Item 5.02 Departure of Directors or Certain Officers; Election of Directors; Appointment of Certain Officers; Compensation Arrangements of Certain Officers.

(e) On May 24, 2022, the Management Compensation Committee (the "Committee") of the Board of Directors of Chevron Corporation (the "Company") approved a letter agreement to be entered into between the Company and Joseph C. Geagea, Executive Vice President and Senior Advisor to the Chairman and Chief Executive Officer, providing for certain non-compete, non-solicitation and confidentiality covenants to be made by Mr. Geagea for the benefit of the Company through January 31, 2024 (the "Restrictive Covenant Agreement"). As consideration for the Restrictive Covenant Agreement, the Committee amended Mr. Geagea's outstanding Restricted Stock Unit Award granted January 27, 2021, in the amount of 18,150 restricted stock units (the "2021 RSU Award"), which 2021 RSU Award was scheduled to vest on January 31, 2024 subject to Mr. Geagea's continued employment through such date (the "Continued Service Provision"), to waive the Continued Service Provision and allow for the vesting of the award on January 31, 2024, subject to Mr. Geagea's continued compliance with the obligations set forth in the Restrictive Covenant Agreement.

The Restrictive Covenant Agreement is filed as Exhibit 10.1 hereto and is hereby incorporated by reference herein.

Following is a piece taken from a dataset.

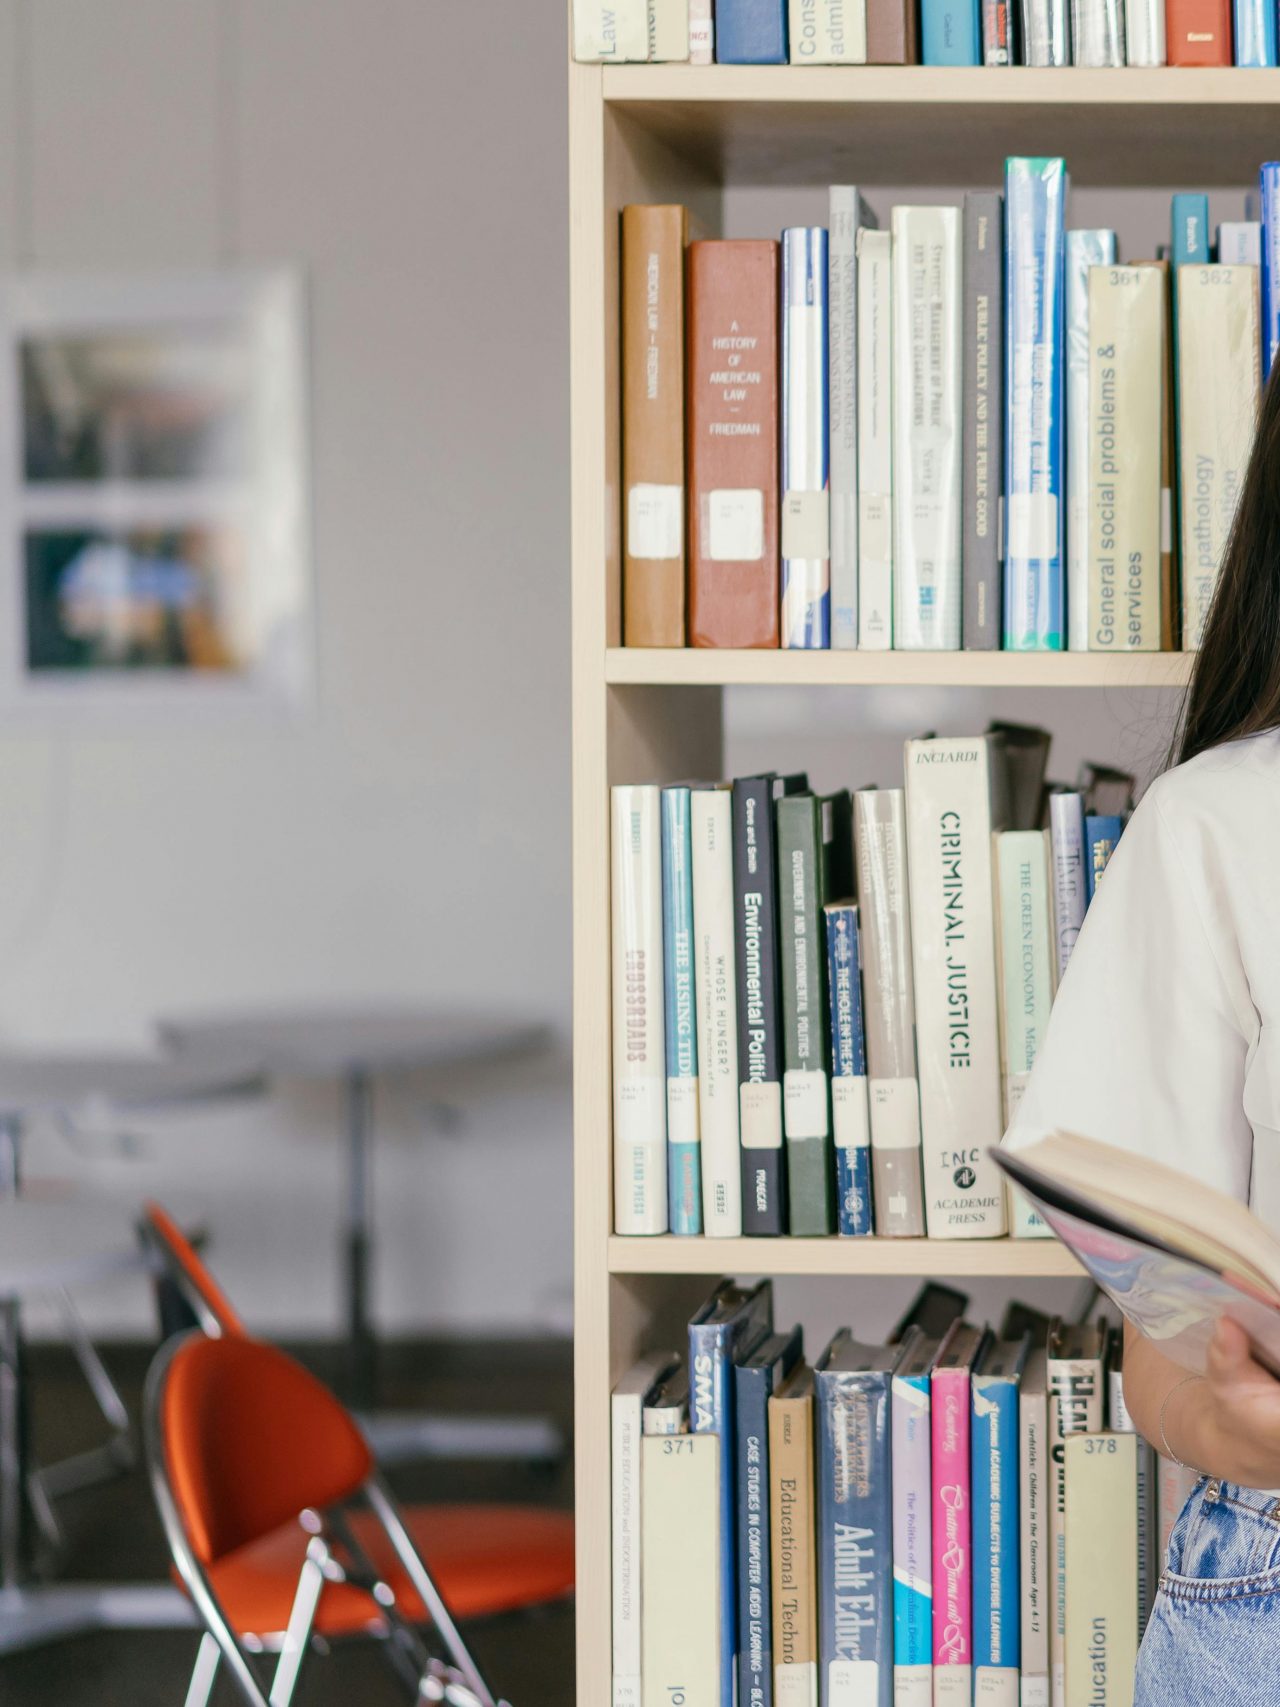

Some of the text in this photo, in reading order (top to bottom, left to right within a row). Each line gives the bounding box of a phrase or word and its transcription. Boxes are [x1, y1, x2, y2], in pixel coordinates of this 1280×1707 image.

Item 9.01 Financial Statements and Exhibits.



(d) Exhibits.
Exhibit Number                    Description
                      10.1          Letter Agreement, dated May 2    5    , 2022, by and between
                                  Chevron Corporation and Joseph C. Geagea  .
                       104        Cover Page Interactive Data File (embedded within the Inline XBRL
                                  document).